Lululemon – It is a Canadian multinational athletic apparel retailer that designs and sells technical athletic wear, accessories, for activities like yoga, running, and training. It is the athleisure leader in premium performance apparel. Lululemon operates 767 stores globally. The U.S. is its largest market. In the U.S. alone it has 475 stores.
Under Armour – It is an American sports apparel brand. Currently it is repositioning after its revenue decline. Under the Under Armour brand, it has 400 stores worldwide.
Puma – Another global sportswear brand mixing athletic and streetwear trends. Puma is another German multinational sportswear company and is a leading manufacturer of athletic and casual footwear, apparel, and sports accessories. Puma operates 120 stores in the U.S., and it operates with a mix of its own stores and partnership with retailers and franchise partners. Puma distributes its products in over 120 countries through its wholesale and retail network.
Convenience Store Chains
7-Eleven – Its opening of 24 hours as convenience store throughout America. But its revenue has dropped $1.4 million per store since 2020. Its challenges are primarily related to shrinking foot traffic and the need to improve its franchisee profitability. Per store labor cost is up 19% and insurance is triple the cost. Independent stores are losing $40,000 to $60,000 per year. The store closing is affecting community. Its store and the gas station next to each other is a convenience for Americans. It has started the 7NOW delivery service and expanding its private-label products. On top it has an environmental goal to reduce its carbon footprint by 50% by 2030 and work towards using sustainability packaging. 7-Eleven has over 85,000 stores worldwide in 19 countries, of which around 13,229 stores are in the U.S. and Canada. It is also the world’s largest franchises in terms of sales. It is owned by Seven & i Holdings Co., Ltd., in Japan, with its headquarters in Tokyo. It operates a mix of corporate-owned, franchised and licensed stores globally.

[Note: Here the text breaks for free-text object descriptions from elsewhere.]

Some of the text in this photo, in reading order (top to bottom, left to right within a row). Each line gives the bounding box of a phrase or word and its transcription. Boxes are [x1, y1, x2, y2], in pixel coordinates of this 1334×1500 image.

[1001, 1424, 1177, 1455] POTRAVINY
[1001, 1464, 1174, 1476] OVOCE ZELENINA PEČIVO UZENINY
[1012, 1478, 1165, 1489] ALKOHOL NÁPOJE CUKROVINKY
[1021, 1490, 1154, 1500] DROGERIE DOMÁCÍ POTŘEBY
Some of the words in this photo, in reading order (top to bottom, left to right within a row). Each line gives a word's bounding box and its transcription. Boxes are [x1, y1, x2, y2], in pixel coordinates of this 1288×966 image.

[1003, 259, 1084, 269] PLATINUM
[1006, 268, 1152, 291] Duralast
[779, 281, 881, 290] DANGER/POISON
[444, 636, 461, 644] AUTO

Circle K – It is owned by Canada’s Alimentation Couche-Tard who operates over 9,000 U.S. locations which are often paired with gas stations.
Pharmacy Chains
CVS – It is the largest pharmacy by market share of 25% in the U.S. It has over 9,700 locations. It overtook Walgreens as the most popular drugstore retailer. CVS is still profitable although it is aiming to close 270 stores this year. It is fair to say that both CVS and Walgreens are facing many of the same core challenges in the retail pharmacy industry. There is this consistent loss of profit on profit margins for prescription medications which is largely due to the negotiation power of pharmacy benefit managers. Both are struggling to compete in the “front-of-store” retail segment against e-commerce giants like Amazon, or big-box retails like Walmart and Costco which can offer lower prices and greater product selection.

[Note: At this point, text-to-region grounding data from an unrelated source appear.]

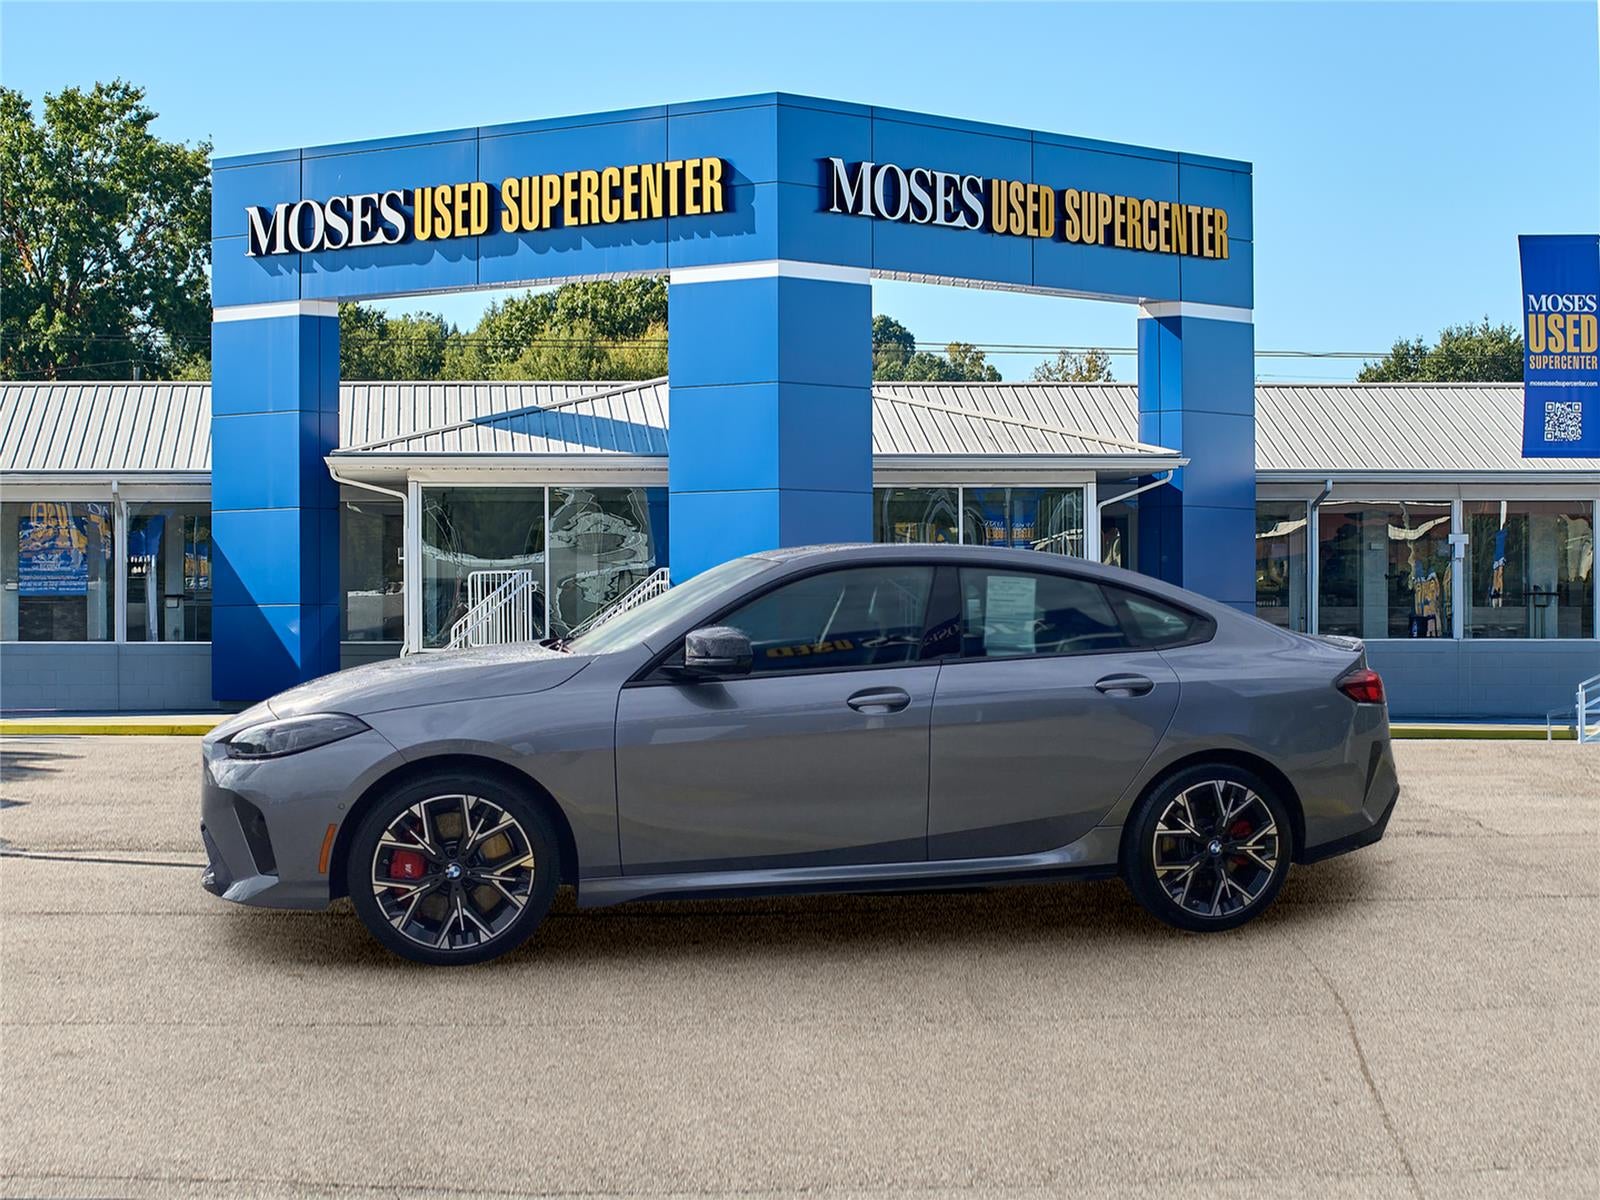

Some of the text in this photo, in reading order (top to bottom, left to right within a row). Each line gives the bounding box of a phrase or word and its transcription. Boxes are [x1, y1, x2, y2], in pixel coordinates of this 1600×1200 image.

[244, 157, 724, 257] MOSES USED SUPERCENTER
[829, 157, 1229, 259] MOSES USED SUPERCENTER
[1528, 294, 1597, 312] MOSES
[1528, 313, 1598, 353] USED
[1529, 355, 1598, 369] SUPERCENTER

Walgreens – It is a major American retail pharmacy chain that sells prescription and over-the-counter drugs along with a wide variety of general merchandise, health, and beauty products. It has photo services inside the stores. Once 9,000 locations and the giant pharmacy across the U.S., is closing 1,200 locations over the next three years, with 500 of those closures are expected in this year. It lost $6 billion since 2023. The rising cost of labor by 20% and theft increase by 30% resulted many things locked behind shelves. But today’s young customers prefer digital deliveries. It is the second largest pharmacies in the U.S. with a market share of 18% by revenue.
Rite Aid – It has around 1,600 stores after a major downsizing and Chapter 11 restructuring in 2024-2025. It is under pressure of debt load and competition from CVS and Walgreens.
Super Market Chains
Walmart – It is an American multinational retail corporation that operates a chain of hypermarkets, discount stores, and grocery stores worldwide. Globally it has over 11,000 stores and operates in about 24 countries under 46 different banners. It also has a significant online presence through its websites and mobile apps. Walmart is known as the backbone of American chain stores with its 4,600 locations, 1.6 million workers and $600 billion sales. Its product categories cover pharmacy, health and wellness, clothing, shoes, and accessories, baby and kids, beauty products, home, gardening and tools, and electronics. In 2025, it is also closing stores for rising operating cost and store thefts that leads to low profits and unsafe operation. The theft has cost $3 billion annually to Walmart. Collapsing economy causes 8% loss in average ticket sales and 7% in price increase.
Amazon Fresh – It is a physical grocery stores that combine traditional grocery shopping with Amazon’s shopping technology. Amazon Fresh offer a wide selection of national and private-label brands, fresh food, meat, and prepared food. It combines with the Amazon Dash Cart technology and shoppers can buy groceries in the store or use the service for same-day delivery and pickup through Amazon Fresh website. But it is backing out from its venture in grocery quietly because of the rising cost, store theft, and razor-thin margin. Its tech innovation is not appealing to customers, and it lose competition to Kroger and the like. Its prices are normally 10% higher than Walmart. It is shifting from high-tech “just walk out” technology to traditional check. Amazon is focusing more on Whole Foods Market which they acquired in 2017 and expanding online grocery delivery while closing underperforming physical stores. There are 64 Amazon Fresh stores operating in the U.S.
Kroger – With its headquarters in Cincinnati, Ohio. It has 2,700 supermarkets under different banners—Ralphs, Fred Meyer, King Soopers, Fry’s, etc.
Whole Food Market – It is owned by Amazon. It is focusing on natural and organic food and operates about 530 stores in the U.S., Canaka and UK.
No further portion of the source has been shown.